Я залез на дерево. Вокруг меня висели спелые гроздья вишен, в основном по парам. Я принял у него ведро и повесив его на сук. "Наверное, из этого места много парочек произрастало когда-то" - подумал я. - И где они все сейчас. Где любовь?
- Так что там за формула? - громко сказал, кинув в ведро первую парочку, и отметив про себя, что никак иначе они уже вряд ли любили друг друга.
- Ты и сам это знаешь. У тебя цель — секс, а у них он средство.
- А что у них цель?
- Есть такая. Но это не ты.
- Как это не я? Я знаю… она меня любит!
- Женщина любит не мужчину. Она любит возможность на нем лепить свою картину мира, свою модель. И любит она его до тех пор, пока он ей позволяет это делать.
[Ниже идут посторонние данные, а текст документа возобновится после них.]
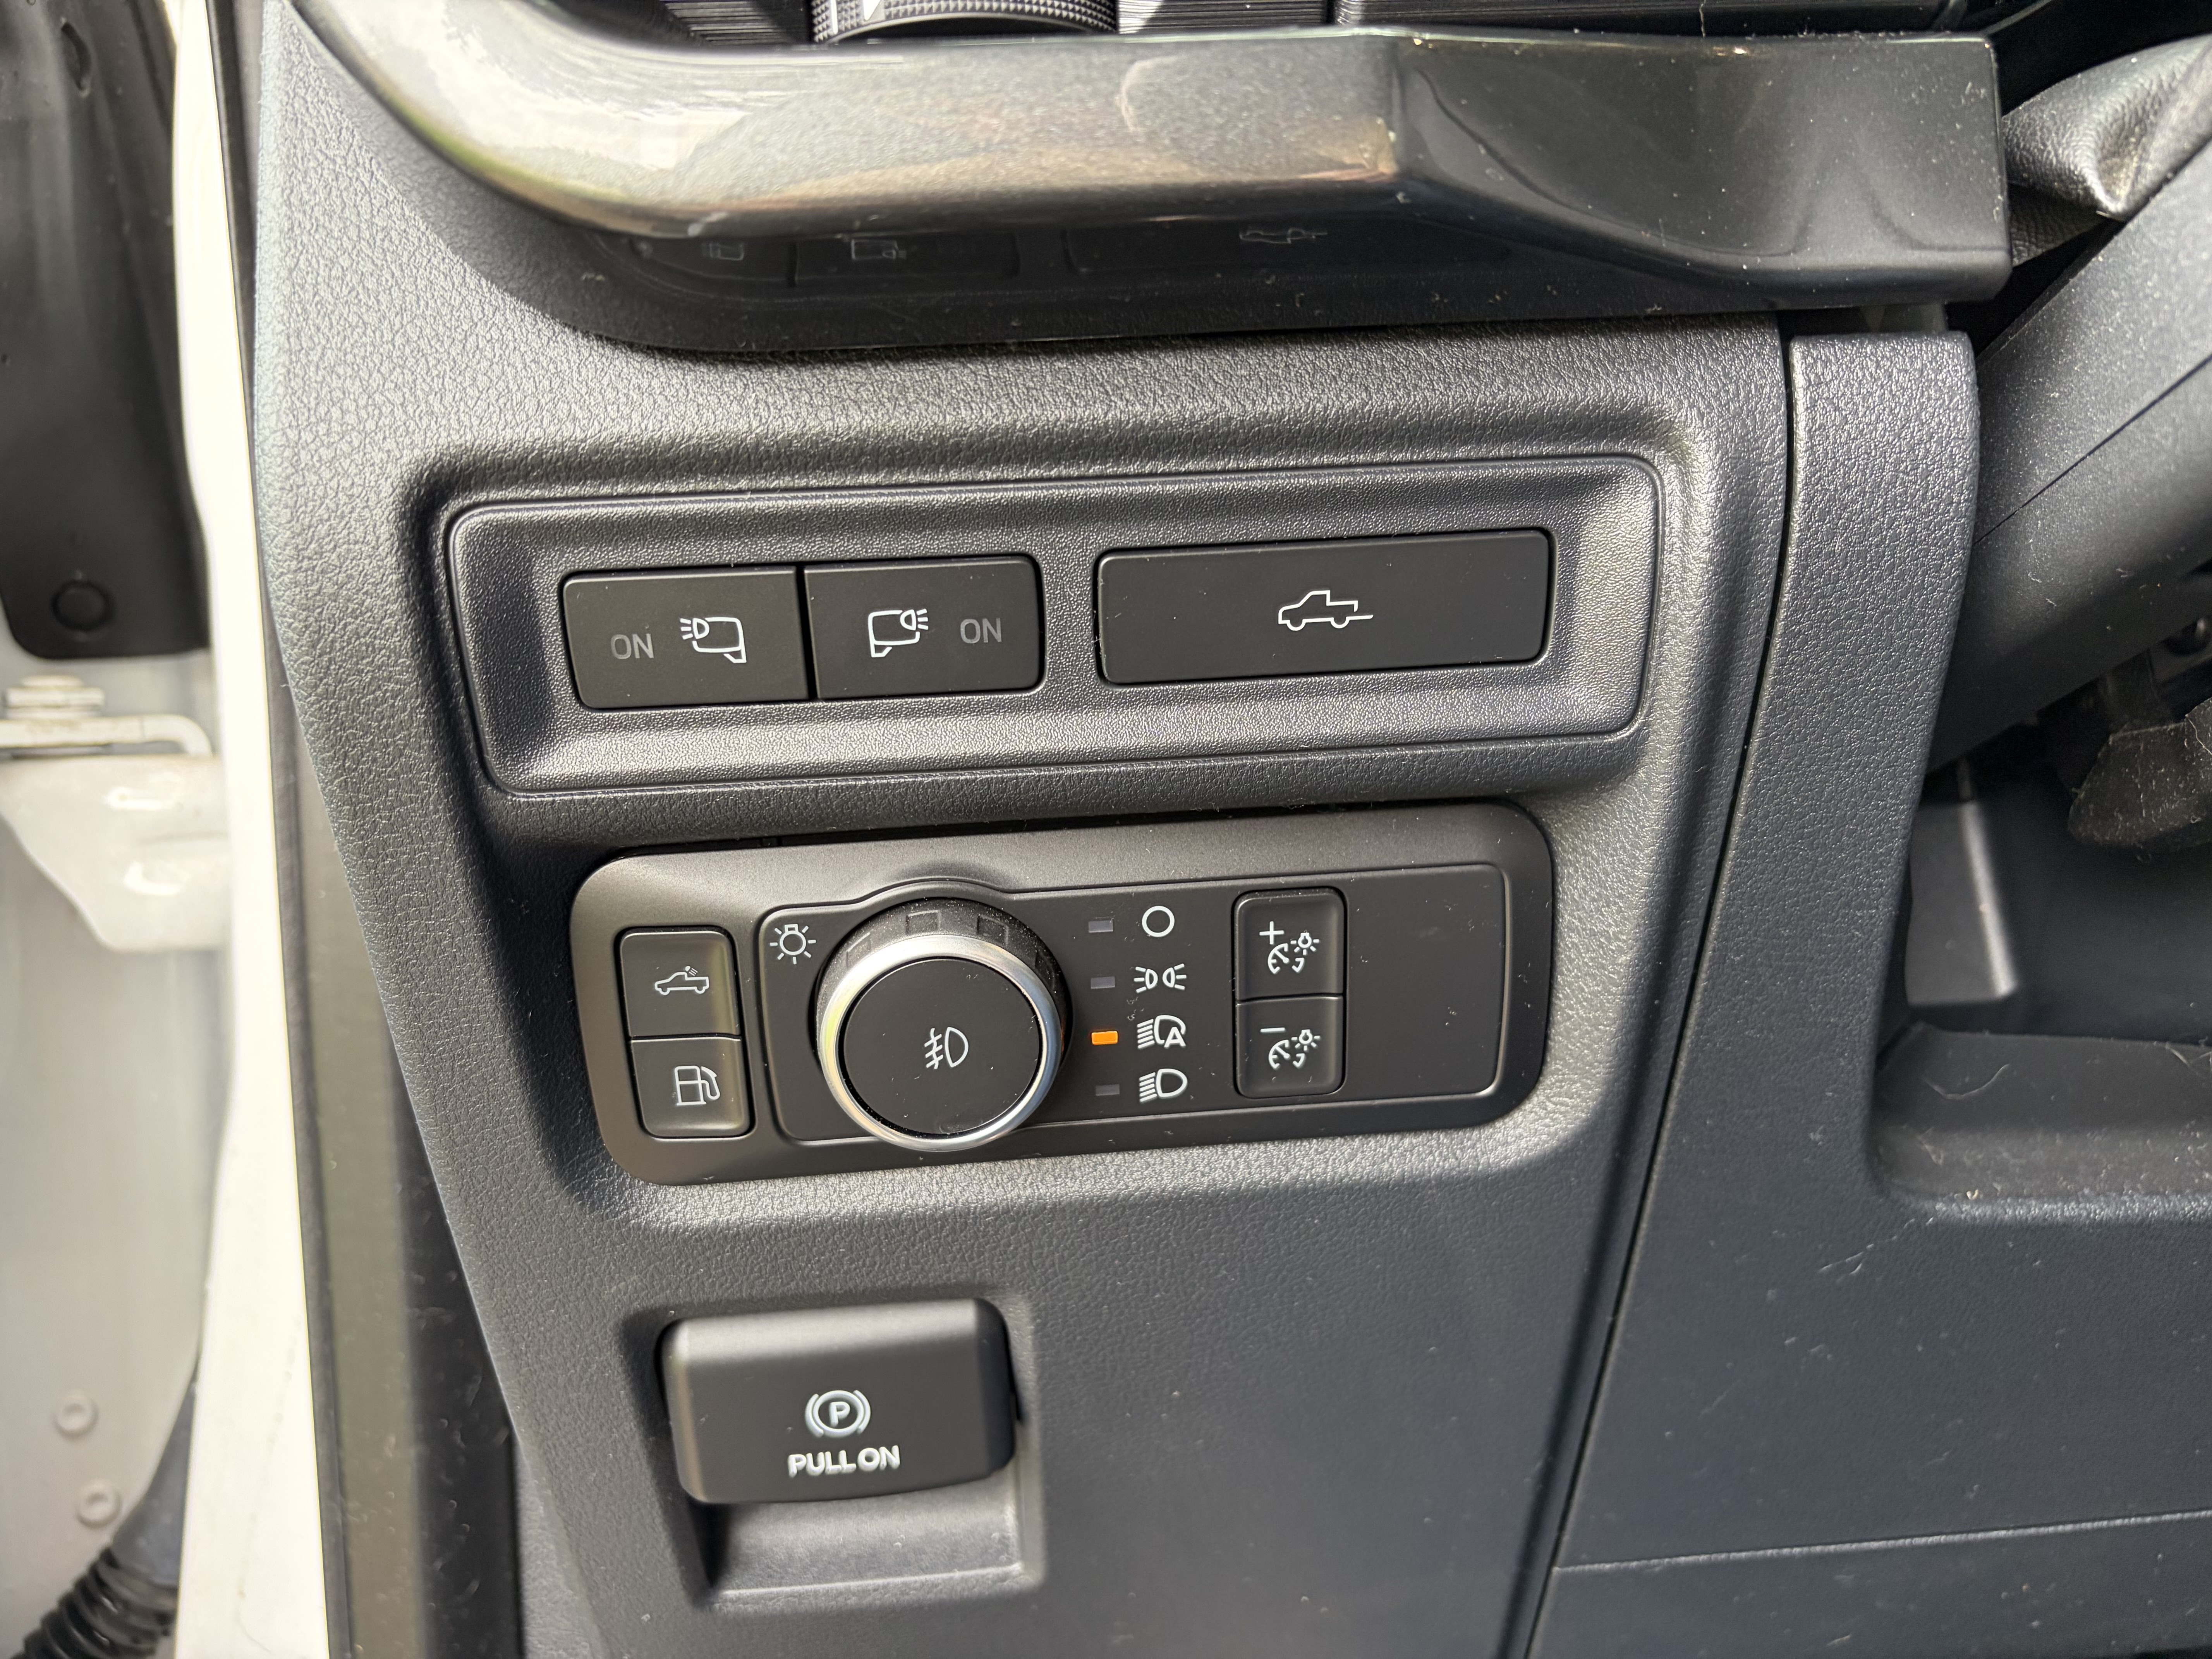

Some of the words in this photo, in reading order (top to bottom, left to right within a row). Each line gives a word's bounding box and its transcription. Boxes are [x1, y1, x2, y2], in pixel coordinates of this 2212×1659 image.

[960, 618, 1002, 644] ON
[611, 634, 654, 659] ON
[830, 1401, 850, 1425] P
[788, 1450, 857, 1477] PULL
[857, 1445, 900, 1471] ON
Вспомни все ваши ссоры, и ты увидишь, что в этих ситуациях ты просто не позволял ей лепить из себя то, что она хотела.
- Понимаю, о чем Вы… Но, она ведь тоже может подстраиваться под меня.
- Может. Но боюсь, что тебе это не понравится.
- Почему это?
- Ты хочешь ангела, или жену?
Я задумался. Собственно, а в чем проблема?
- Ангельская жена - это что невозможно? - решил спросить я.
- Она, конечно, может стать для тебя ангелом. Но, видишь ли, в чем дело. Ангелы не трахаются.
- В смысле?
- То, что слышал. Добавить больше нечего. У тебя два варианта. Или ты живешь с ангелом, и это похоже на жизнь с пресвятой девой Марией, или ты позволяешь ей лепить из себя картину ее миру взамен на мужское счастье.
- Получается, что я холст, а она художник? Бред!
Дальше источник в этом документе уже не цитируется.